╔══
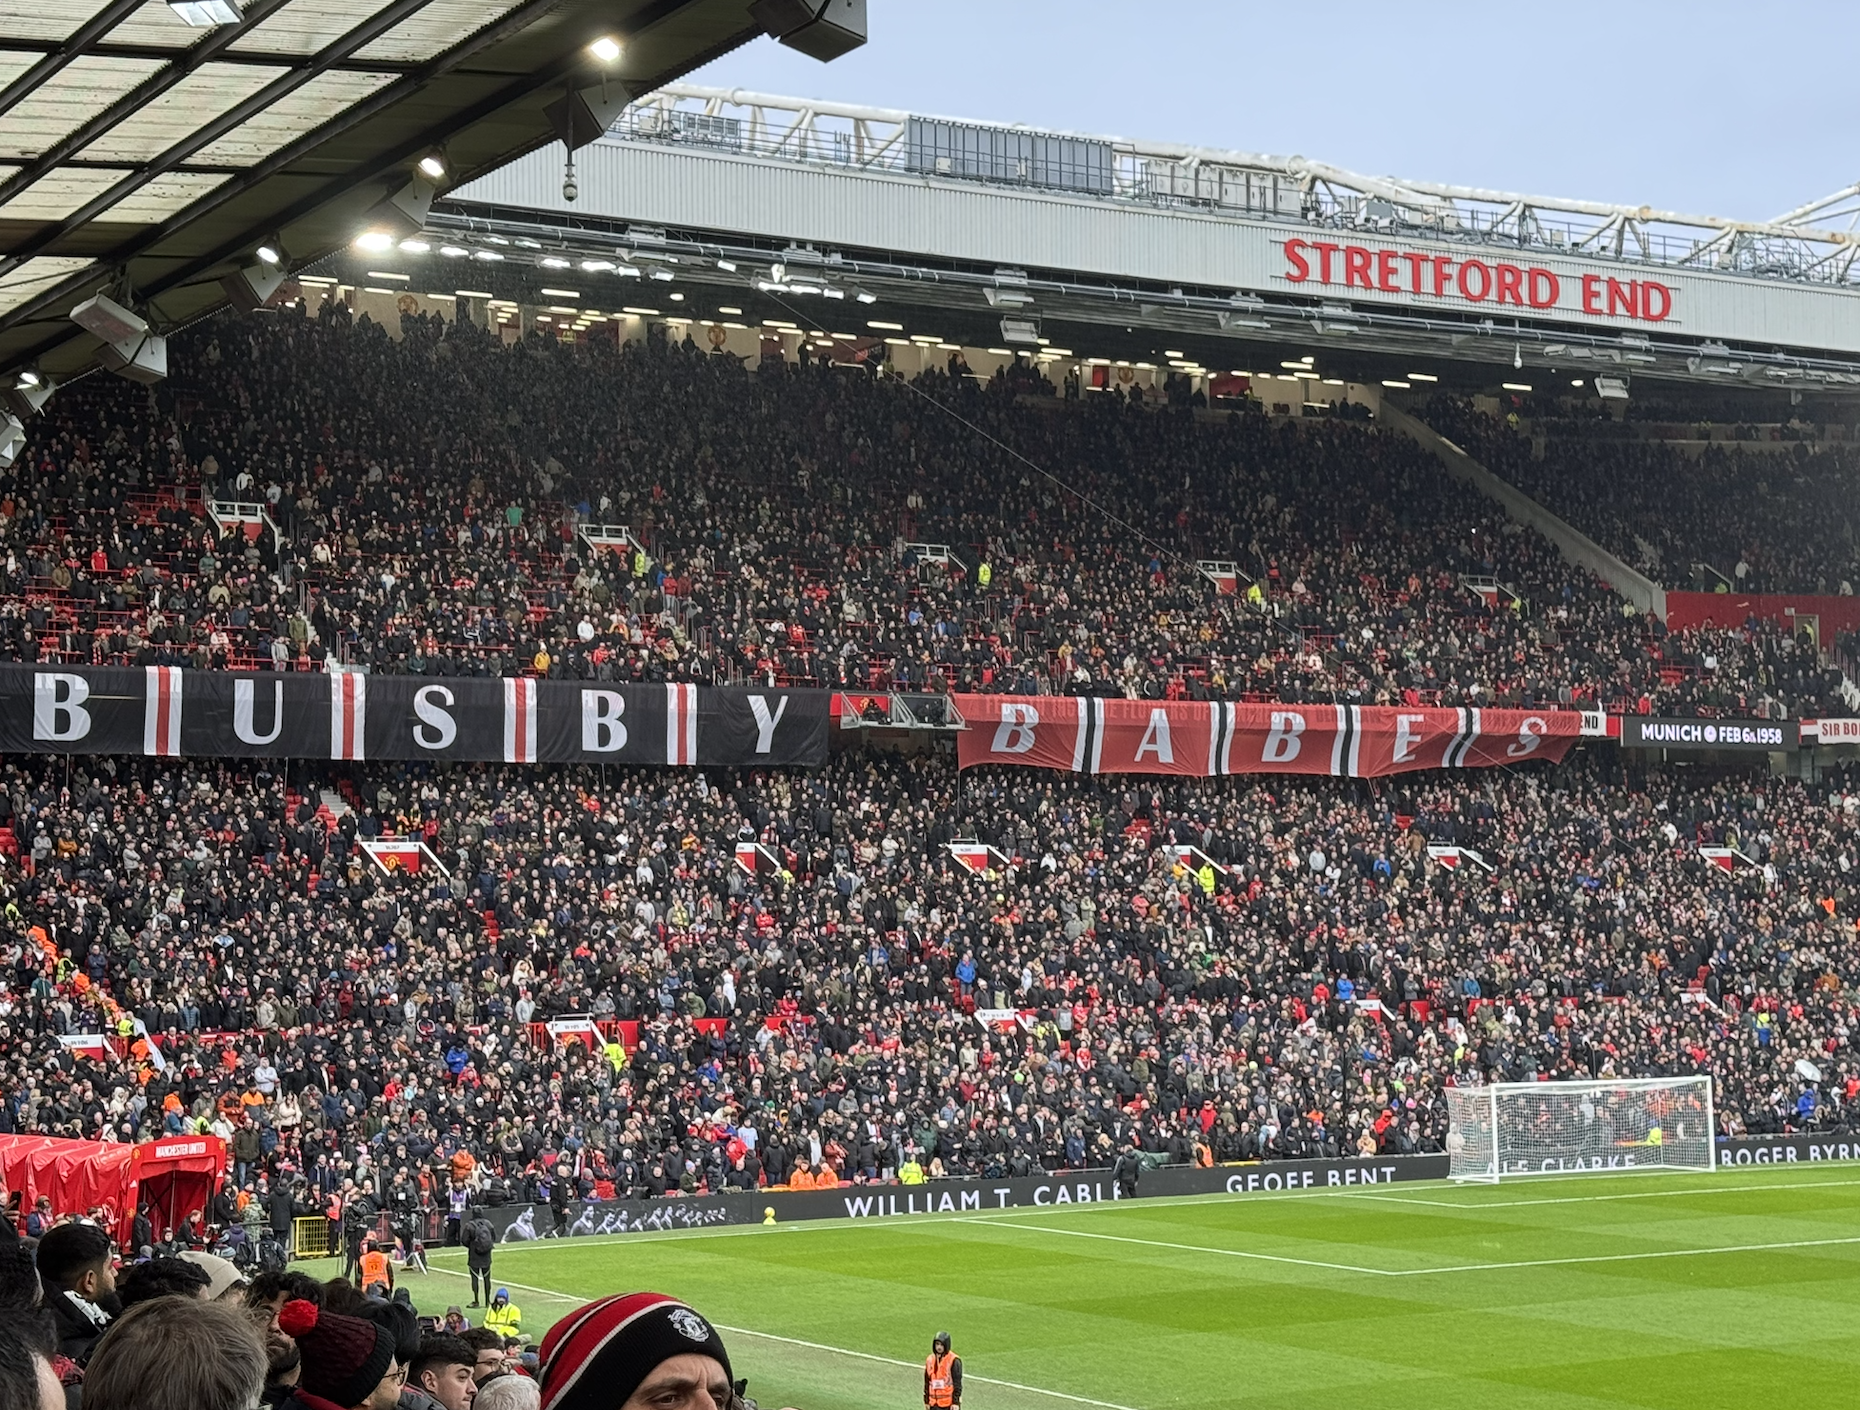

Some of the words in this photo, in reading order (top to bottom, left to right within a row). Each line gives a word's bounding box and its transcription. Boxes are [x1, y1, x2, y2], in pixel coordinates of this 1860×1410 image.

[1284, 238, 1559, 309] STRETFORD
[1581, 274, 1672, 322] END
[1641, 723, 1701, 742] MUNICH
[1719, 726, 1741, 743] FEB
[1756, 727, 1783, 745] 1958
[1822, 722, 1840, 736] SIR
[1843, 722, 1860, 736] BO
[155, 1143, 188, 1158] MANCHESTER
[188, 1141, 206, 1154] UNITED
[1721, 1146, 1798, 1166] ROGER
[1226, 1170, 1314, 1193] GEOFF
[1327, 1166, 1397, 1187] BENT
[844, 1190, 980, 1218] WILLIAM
╚══
** What to do **
The records are to be retyped in full and exactly, with no image carried over.

** Solution to the exercise **
Some of the words in this photo, in reading order (top to bottom, left to right within a row). Each line gives a word's bounding box and its transcription. Boxes are [x1, y1, x2, y2], in pixel coordinates of this 1860×1410 image.

[1284, 238, 1559, 309] STRETFORD
[1581, 274, 1672, 322] END
[1641, 723, 1701, 742] MUNICH
[1719, 726, 1741, 743] FEB
[1756, 727, 1783, 745] 1958
[1822, 722, 1840, 736] SIR
[1843, 722, 1860, 736] BO
[155, 1143, 188, 1158] MANCHESTER
[188, 1141, 206, 1154] UNITED
[1721, 1146, 1798, 1166] ROGER
[1226, 1170, 1314, 1193] GEOFF
[1327, 1166, 1397, 1187] BENT
[844, 1190, 980, 1218] WILLIAM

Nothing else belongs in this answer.